Army officials have spread the cuts across their various funding buckets. (The following figures are given in then-year dollars, which do not account for inflation.) For operations and maintenance, the Army is asking for $65.5 billion, a 1.1% reduction from $66.2 billion it received in 2021. The Army is requesting $66.2 billion for personnel, a 1.8% increase from the $65.0 billion appropriated in 2021. And for procurement, the Army wants $21.3 billion, a 11.6% reduction from the $24.1 billion appropriated in 2021.
The Pentagon’s overall research development test and evaluation request is for $112 billion, the highest ever. Of that, the Army is asking for $12.8 billion, a 9.2% cut from the $14.1 billion appropriated in 2021.
On Thursday, Defense Secretary Lloyd Austin and Chairman of the Joint Chiefs of Staff Gen. Mark Milley told Congressional leaders that they did not try to make the Army the “billpayer” for modernization efforts in the Navy and the Air Force.
“The Army's not going to get shortchanged, in my view,” Milley said. “I've looked at this budget very closely, along with Gen. [James] McConville and others. I think it's very balanced amongst all the services and develops their future capabilities. The Big Six at the Army is developing for their modernization program…all of those systems in their Big Six priorities are all being very well funded in this budget.”
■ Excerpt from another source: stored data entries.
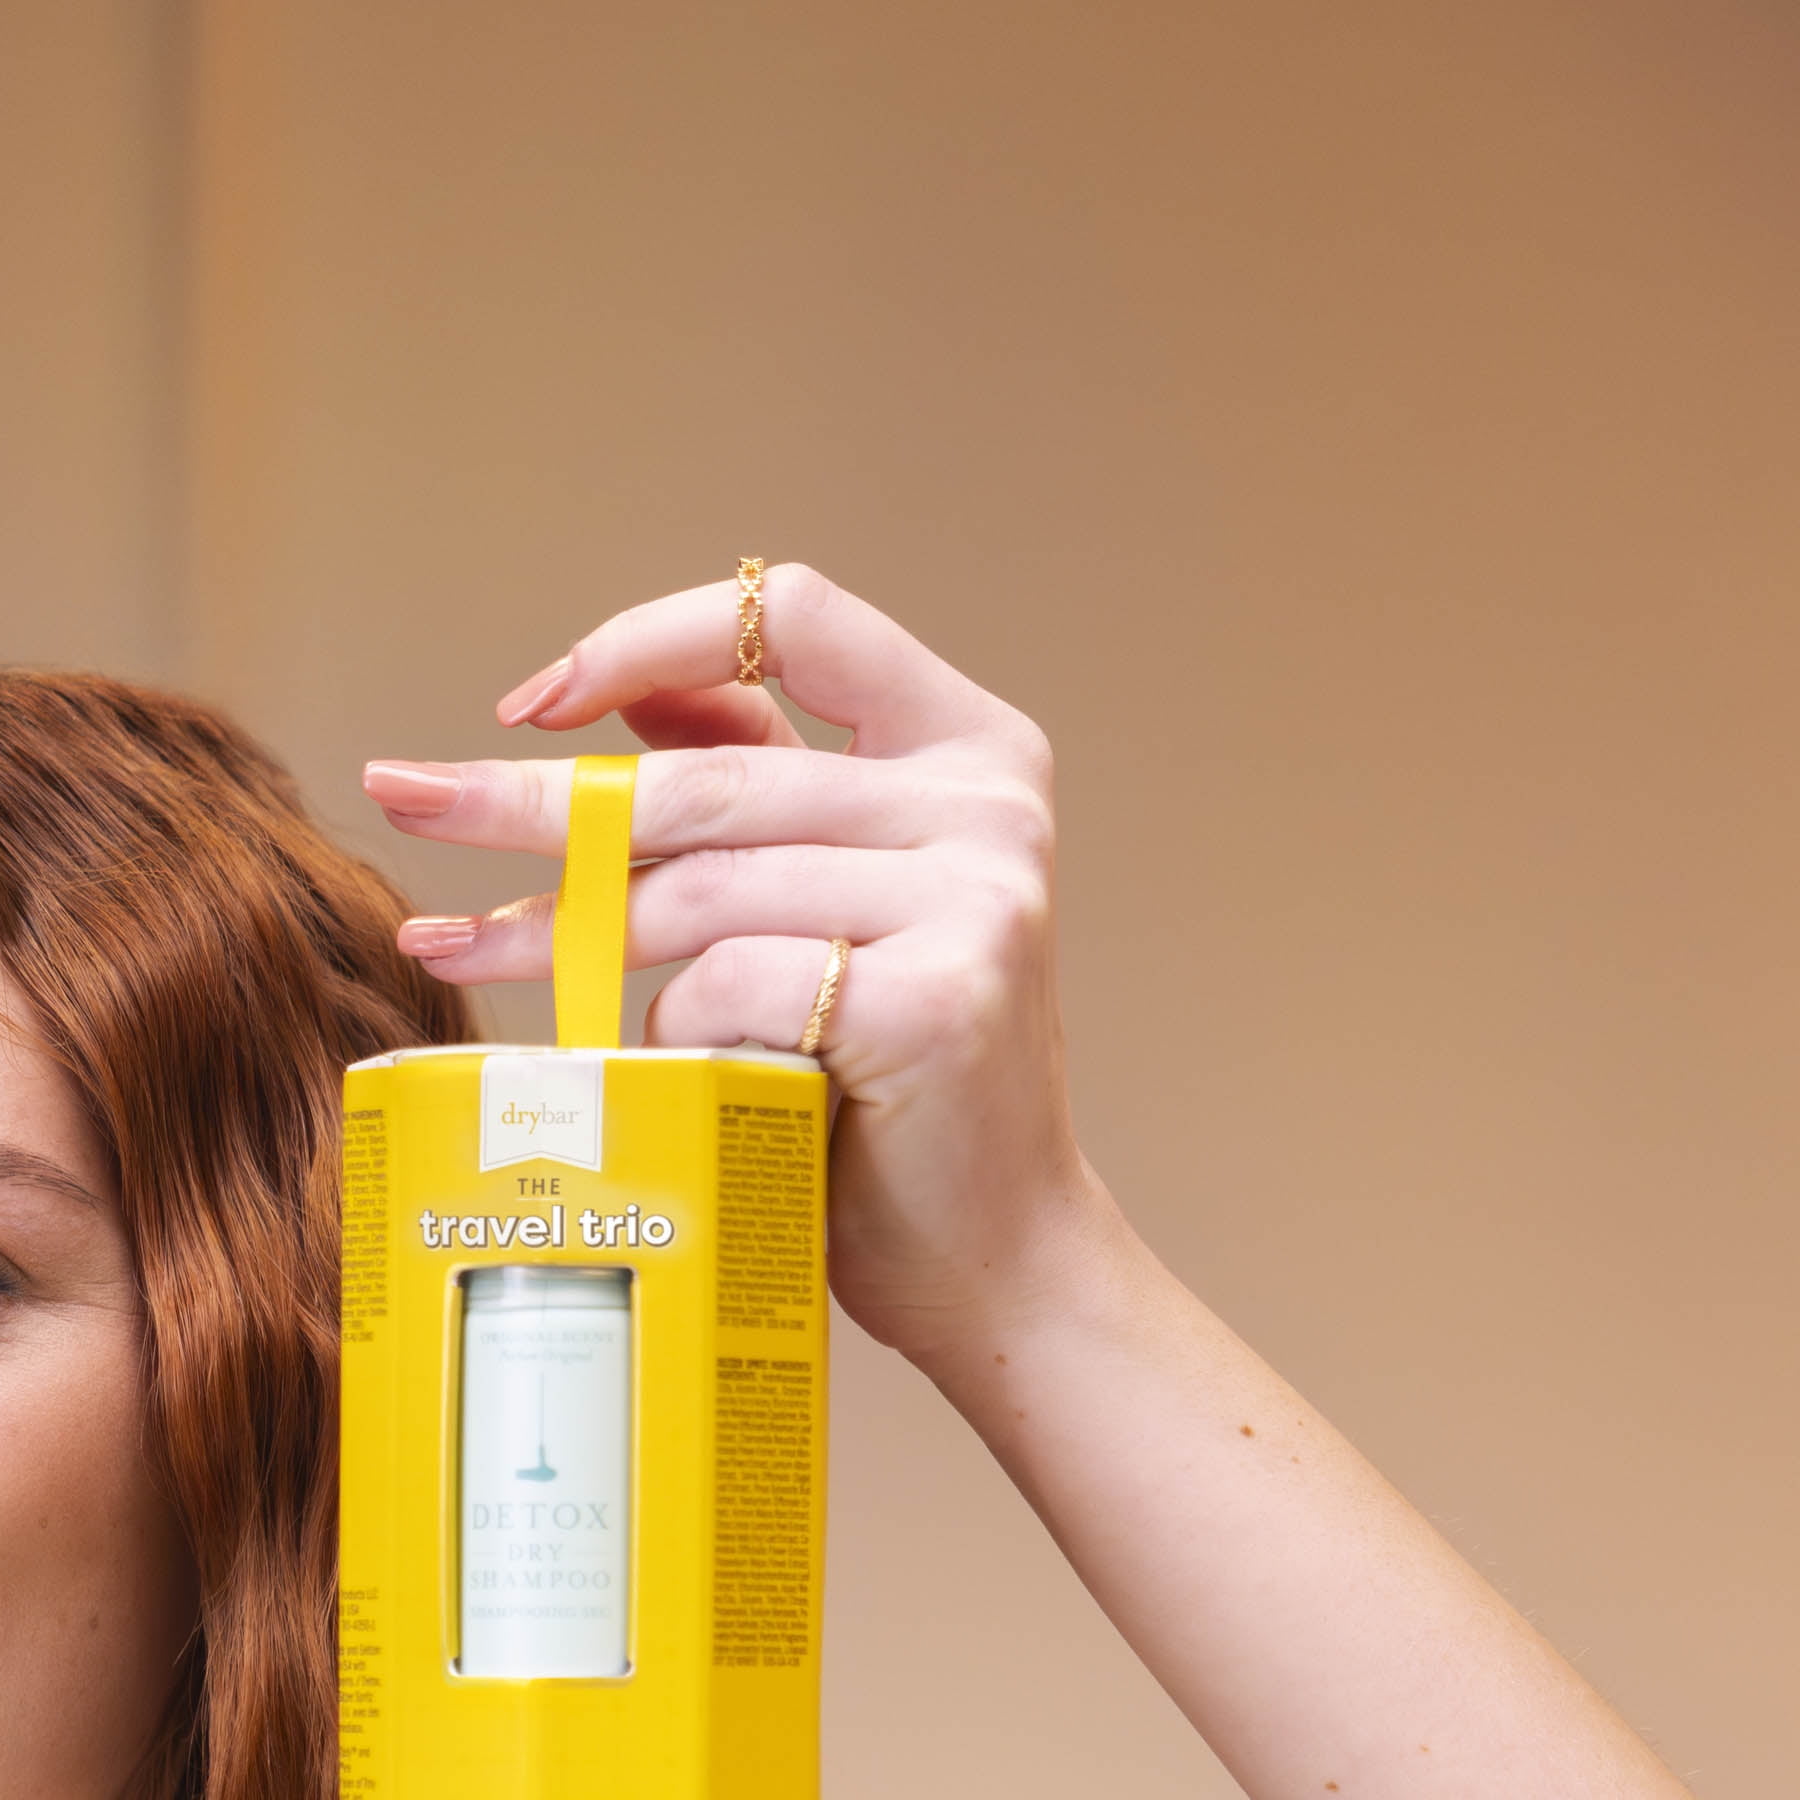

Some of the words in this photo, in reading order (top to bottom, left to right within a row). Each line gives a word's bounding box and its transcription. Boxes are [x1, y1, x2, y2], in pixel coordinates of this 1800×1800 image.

[501, 1102, 579, 1134] drybar
[517, 1178, 561, 1196] THE
[419, 1205, 564, 1248] travel
[579, 1204, 674, 1248] trio
[472, 1503, 610, 1531] DETOX
[508, 1543, 564, 1561] DRY
[469, 1568, 612, 1591] SHAMPOO
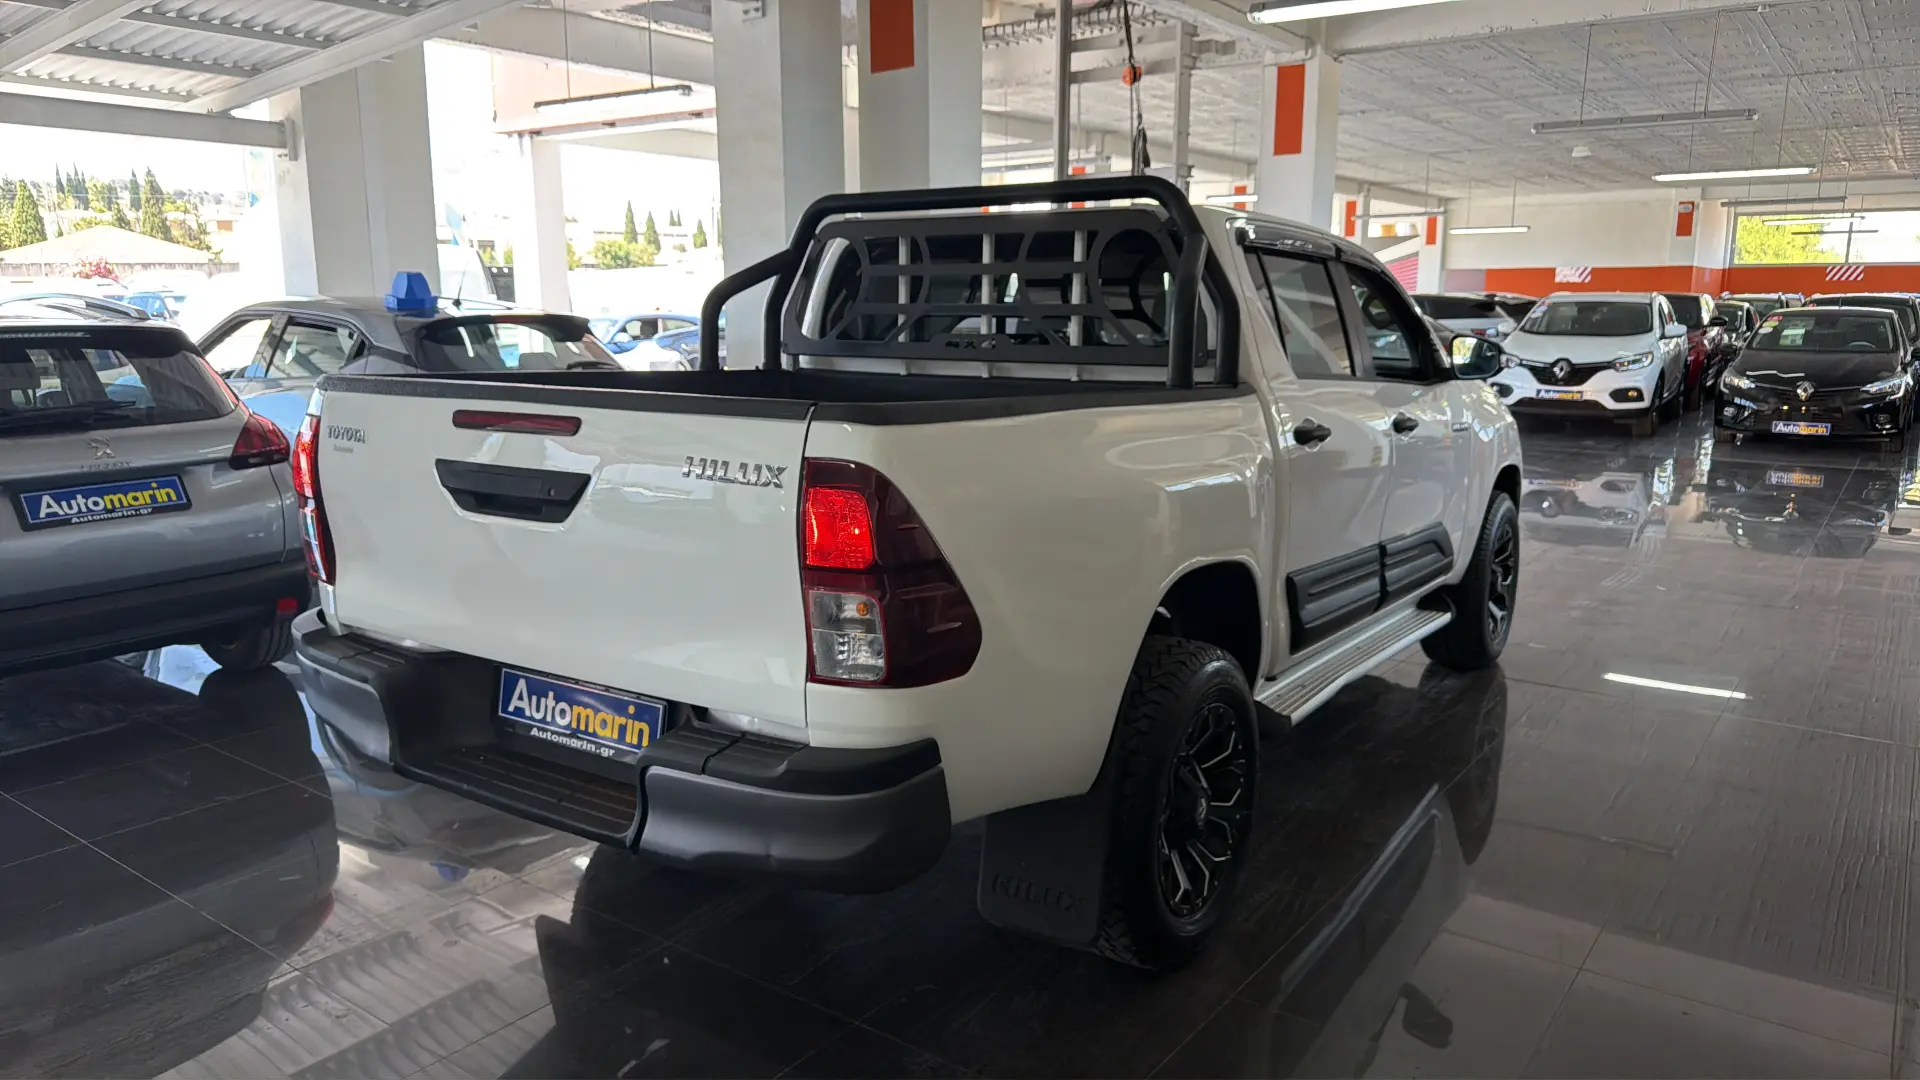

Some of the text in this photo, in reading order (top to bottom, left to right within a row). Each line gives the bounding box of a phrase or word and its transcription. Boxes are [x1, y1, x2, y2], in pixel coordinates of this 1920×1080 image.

[1539, 389, 1582, 400] Automarin
[327, 425, 366, 444] TOYOTA
[1776, 422, 1827, 434] Automarin
[682, 455, 789, 489] HILUX
[39, 482, 177, 519] Automarin
[70, 507, 154, 524] Automarin.gr
[508, 678, 650, 747] Automarin
[530, 727, 616, 757] Automarin.gr
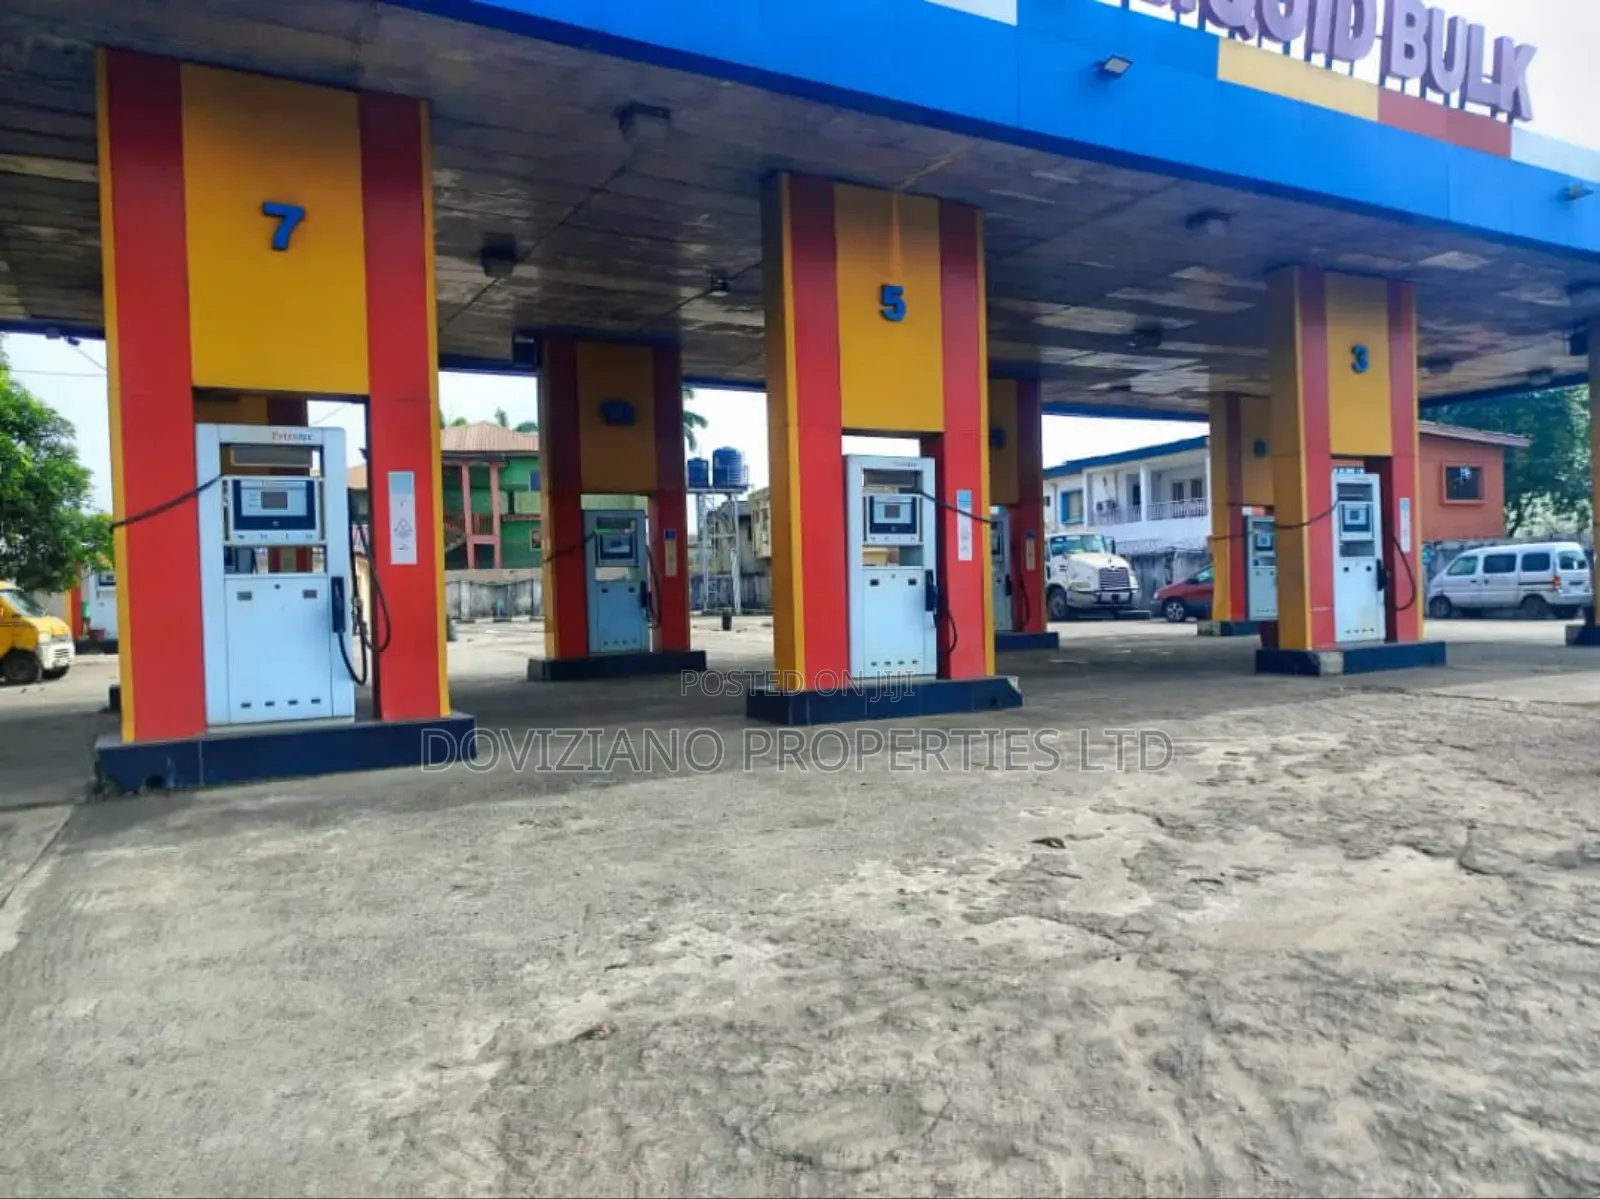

The 2022 budget aims to move funds “towards where they're needed for the joint course writ large,” said a senior defense official Thursday. “In some cases, the Army got some new things that they wouldn't have had because of that same divestment. Same thing as the Navy. It went more by domains.”
These joint capabilities include hypersonic weapons, which the Army and the Navy are working on together, and gaining “joint all domain command control investments in sensor to shooter architecture,” said a defense official.
President Joe Biden’s decision to withdraw from Afghanistan means the Navy and Air Force need more money and the Army less, according to senior defense officials.
This budget is the first since 2011 that will not be limited by the Budget Control Act of 2011. Pentagon officials, who had long circumvented the budget caps by moving billions of dollars through the “emergency” Overseas Contingency Operations fund, are now requesting funds for wars and contingencies in the main, or base, budget.
The Iraq and Afghanistan wars had weighed most heavily on Army coffers and the withdrawals will “substantially” reduce the financial burden on the service, defense official said Thursday. Indeed, Austin said the same day, the drawdowns create opportunities for the Army.
The Army will see a $3.2 billion decrease in costs in operation and maintenance funds due to the Iraq and Afghanistan drawdowns. The budget still asks for $3.3 billion in operational support to sustain the Afghanistan Security Forces, a 9.2% increase from 2021. Pentagon officials have said that the United States would still support Afghanistan through financial means, not boots on the grounds.
The Army in 2022 will have a total end strength of just over 1 million soldiers, including 485,000 active duty, 336,000 National Guard, and 189,500 in the Army Reserve. Despite previous desires to grow the active force up to 550,000, Army Chief McConville and former acting Army Secretary John Whitley stated that the service would not exceed their current force levels due to the tight budget.
Soldiers will see a 2.7% base pay raise, a 3.1% increase in their housing allowance, and a 2.3% increase in their basic subsistence allowance.
The 2022 budget request asks for about $11.3 billion for the Army’s modernization strategy, up 18.6% from $9.5 billion in 2021. The Army’s main modernization priorities — their Big Six — are: long-range precision fires, the next-generation combat vehicle, future vertical lift, the network, air-and-missile defense and soldier lethality.
Two of the most discussed priorities are the long-range precision fires and the future vertical lift. The Army wants $1.5 billion for precision fires, up 1.64% from 2021, and $1.6 billion for vertical lift, up 38% from 2021.
In procurement, the Army wants to spend $981 million on upgrading 70 M1A1 Abrams tanks to the M1A2 configuration, which includes improved tank and crew survivability, night vision, and computers.
The Army also wants to spend $854 million on its Integrated Visual Augmented System goggles, or IVAS, which increases situational awareness for soldiers during operations.
Over the past few years, service leaders have trimmed or eliminated various programs to put money elsewhere. In 2020, the Army is asking to shift $47.8 million by eliminating seven programs, including the Hellfire missile launcher, the multi-function electronic warfare program, and the lightweight counter mortar radar.